Transcriptome evolution from breast epithelial cells to basallike tumors

// Gabriel Santpere 1 , Ana Alcaraz-Sanabria 2 , Veronica Corrales-Sanchez 2 , Atanasio Pandiella 3 , Balazs Győrffy 4, 5 and Alberto Ocana 2, 6 1 Department of Neuroscience, Yale School of Medicine, New Haven, CT 06510, USA 2 Translational Research Unit and CIBERONC, Albacete University Hospital, Albacete, Spain 3 Cancer Research Center and CIBERONC, CSIC-University of Salamanca, Salamanca, Spain 4 MTA TTK Lendulet Cancer Biomarker Research Group, Budapest, Hungary 5 Semmelweis University 2nd Department of Pediatrics, Budapest, Hungary 6 Regional Biomedical Research Center (CRIB), Castilla La Mancha University, Albacete, Spain Correspondence to: Alberto Ocana, email: albertoo@sescam.jccm.es Keywords: breast cancer; transcriptomic evolution; carcinoma in situ Received: August 02, 2017      Accepted: November 14, 2017      Published: December 08, 2017 ABSTRACT In breast cancer, it is unclear the functional modifications at a transcriptomic level that are associated with the evolution from epithelial cells and ductal carcinoma in situ (DCIS) to basal-like tumors.

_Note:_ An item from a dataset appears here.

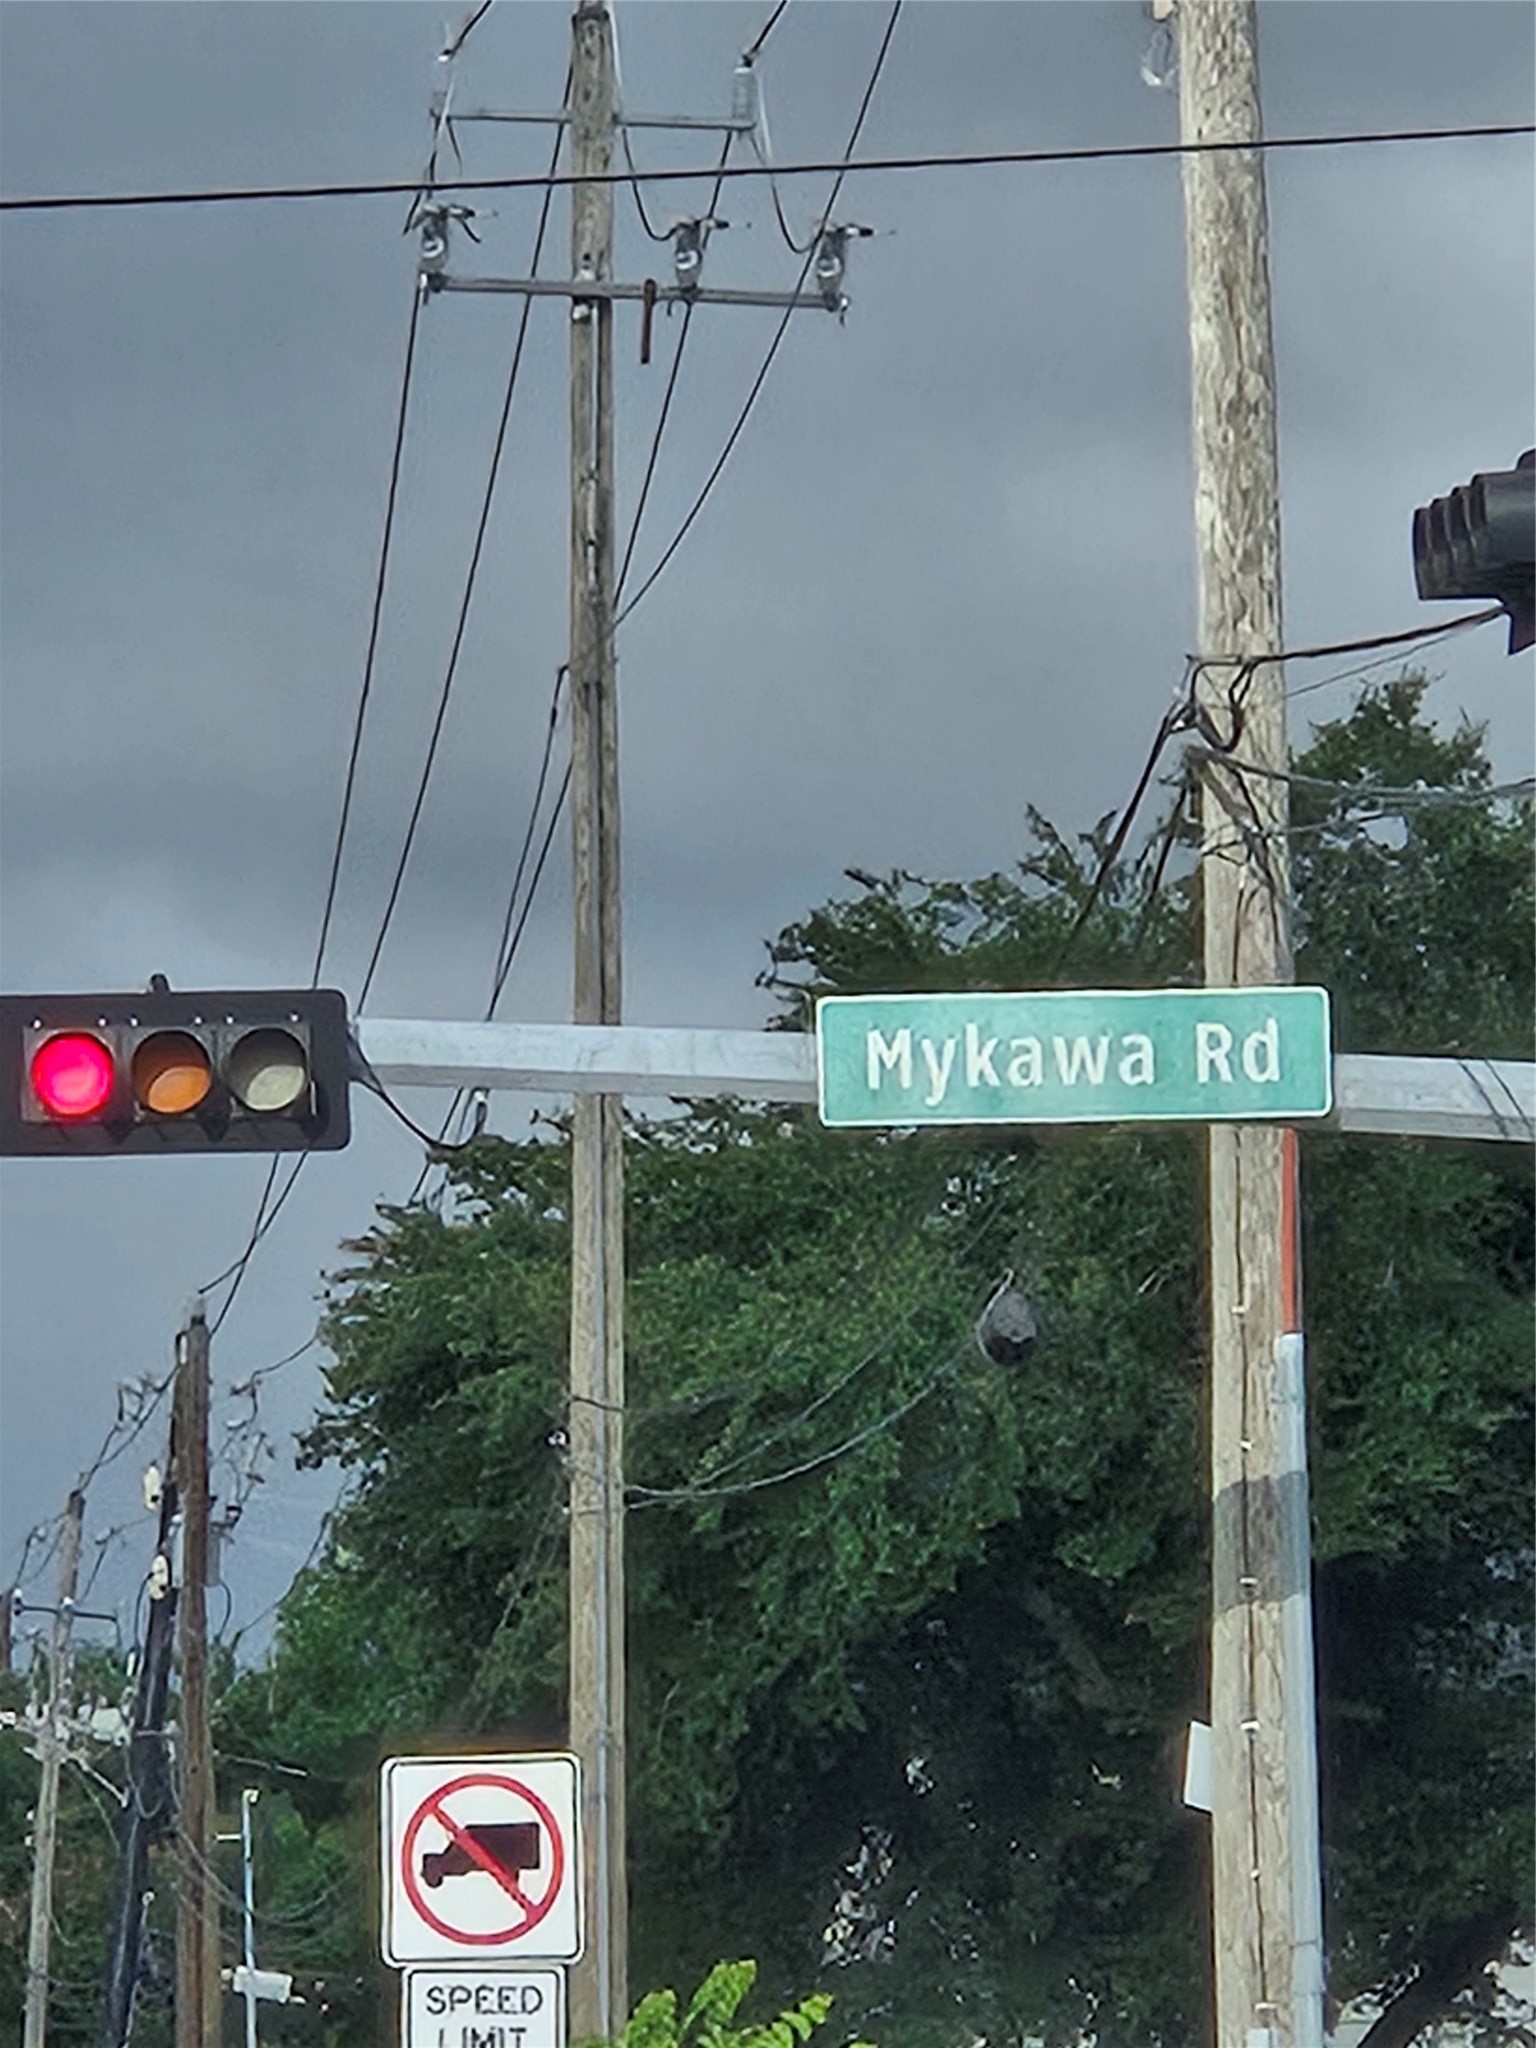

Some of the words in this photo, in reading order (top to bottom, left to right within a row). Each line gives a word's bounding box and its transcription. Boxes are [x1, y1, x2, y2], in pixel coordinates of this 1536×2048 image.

By applying weighted gene co-expression network analysis (WGCNA), we identified 17 gene co-expression modules in normal, DCIS and basal-like tumor samples. We then correlated the expression pattern of these gene modules with disease progression from normal to basal-like tumours and found eight modules exhibiting a high and statistically significant correlation. M4 included genes mainly related to cell cycle/division and DNA replication like CCNA2 or CDK1. The M7 module included genes linked with the immune response showing top hub genes such as CD86 or PTPRC. M10 was found specifically correlated to DCIS, but not to basal-like tumor samples, and showed enrichment in ubiquitination or ubiquitin-like processes. We observed that genes in some of these modules were associated with clinical outcome and/or represented druggable opportunities, including AURKA, AURKB, PLK1, MCM2, CDK1, YWHAE, HSP90AB1, LCK, or those targeting ubiquitination. In conclusion, we describe relevant gene modules related to biological functions that can influence survival and be targeted pharmacologically.